Levi made his way down the walkways, navigating at times the pipes and even bare plascrete; his new daemon-grafted marks helped no small amount in the whole ordeal. Calling down strength from his daemon, Killjoy dug furrows into the megastructure with his fingers as he descended, sliding down its walls; the friction between his neon-reinforced skin and the plascrete was enough to melt the lexically-modded, memetic material.
A kick off the plascrete sent Levi into a flip; he landed on a lead pipe with a diameter larger than his height twice over.
Below him lay a minor Mulligan compound embedded into the plascrete mass of the third quadrant—a refinery; blackmarket but still mundane, it didn’t make any ego-drugs so it was mostly left ignored by the authorities.
Hell inside the sun, even if it had been an ego-drug distillery, so long as it did not produce in excess or dabble in dysphoric-class sublimes, neither the Legions or the archons cared.
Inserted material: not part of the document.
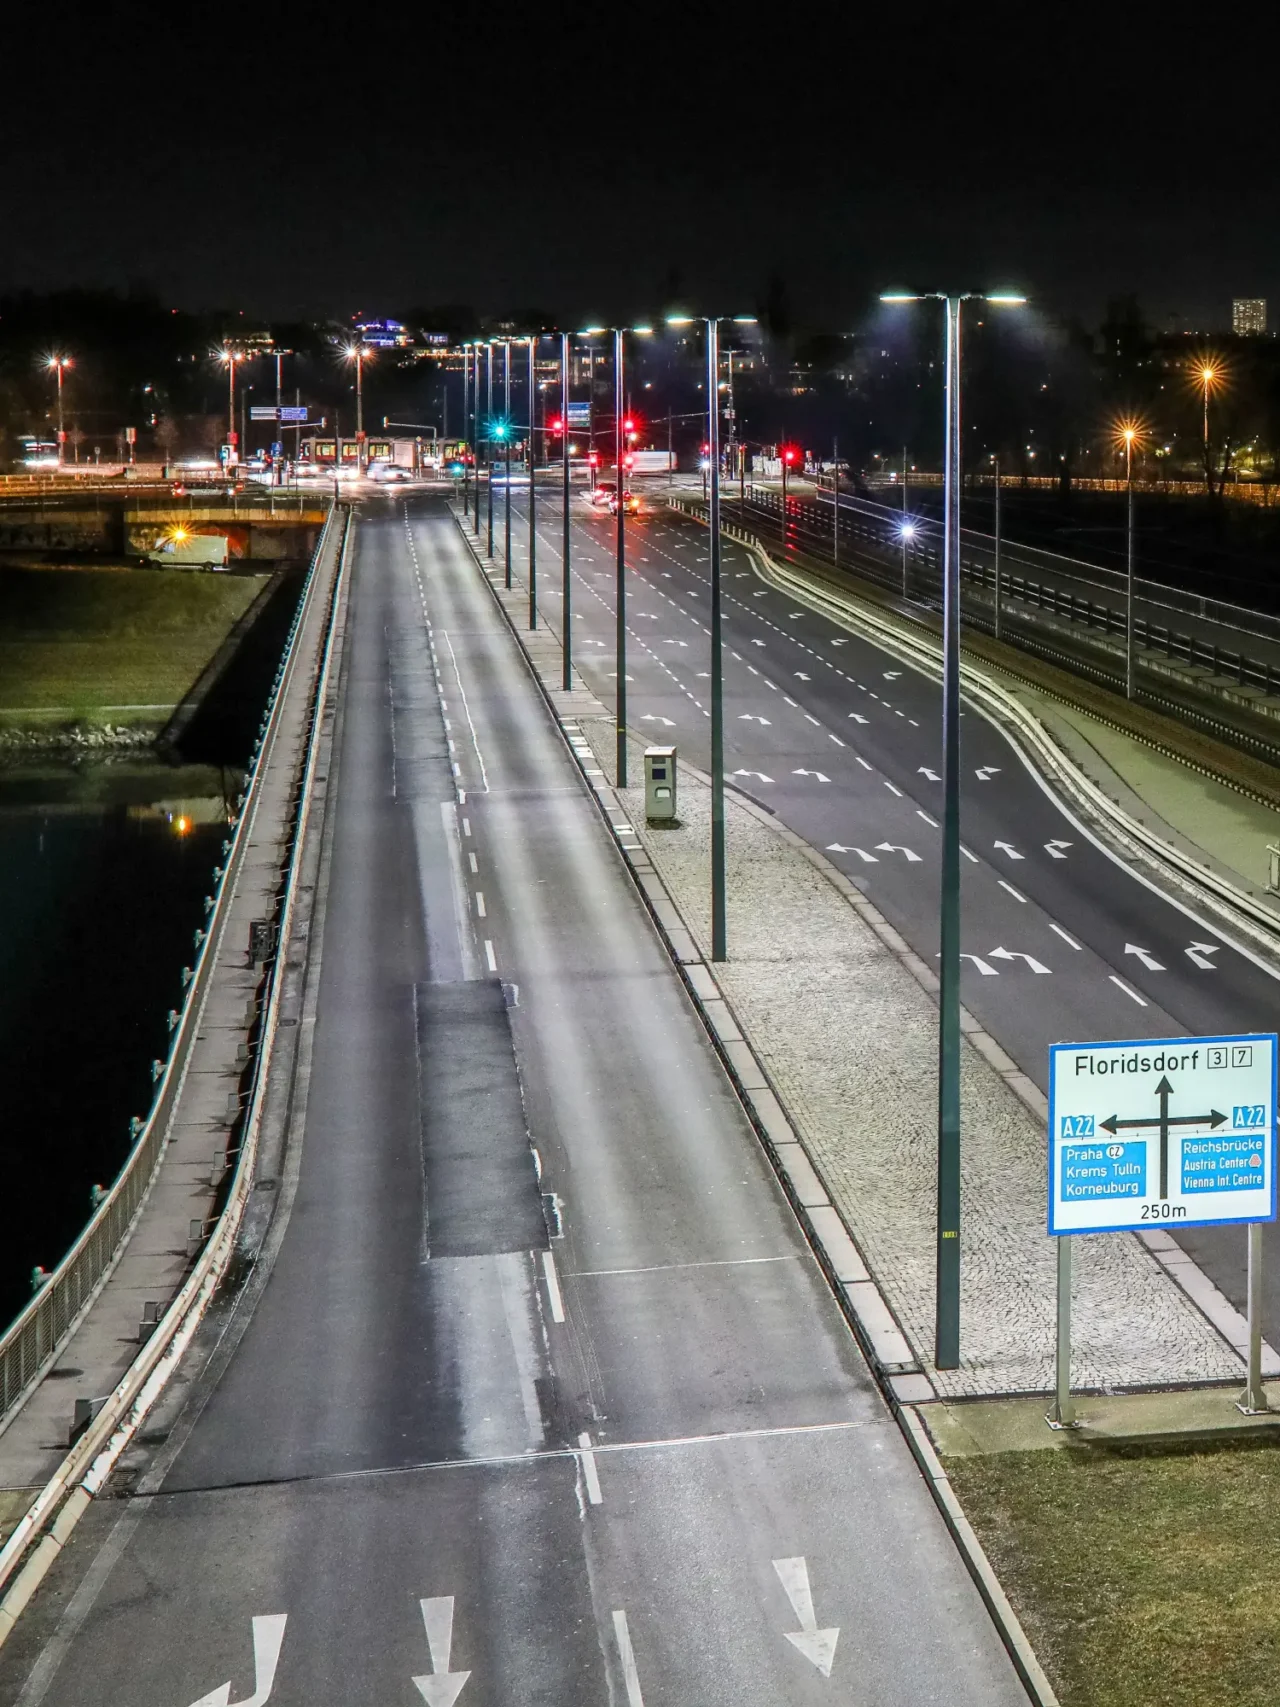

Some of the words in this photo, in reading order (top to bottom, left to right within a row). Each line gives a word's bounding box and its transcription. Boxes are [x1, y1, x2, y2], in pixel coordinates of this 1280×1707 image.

Maybe an illegal daemon mill would pique the interest of an exorcist errant—an independent that flitted between the guilds—or a large enough unsanctioned brothel; Astaphaios the Archon of Fornication was the only one entitled to run bordellos and the like.
The thought of the goat sin prodded still-raw wounds in Killjoy’s psyche, and he quickly changed mental tracks, refocusing on the here and now.
Levi stalked down the forest of neocement and metal roots, observing the movement of the guards all the while. The wards would go off the moment he stepped foot inside the compound without the proper identity-token, so he had to be efficient.
Strike hard and fast, he told himself, his mental voice that of his father’s. The irony was not lost on Levi ‘Killjoy‘ Basker.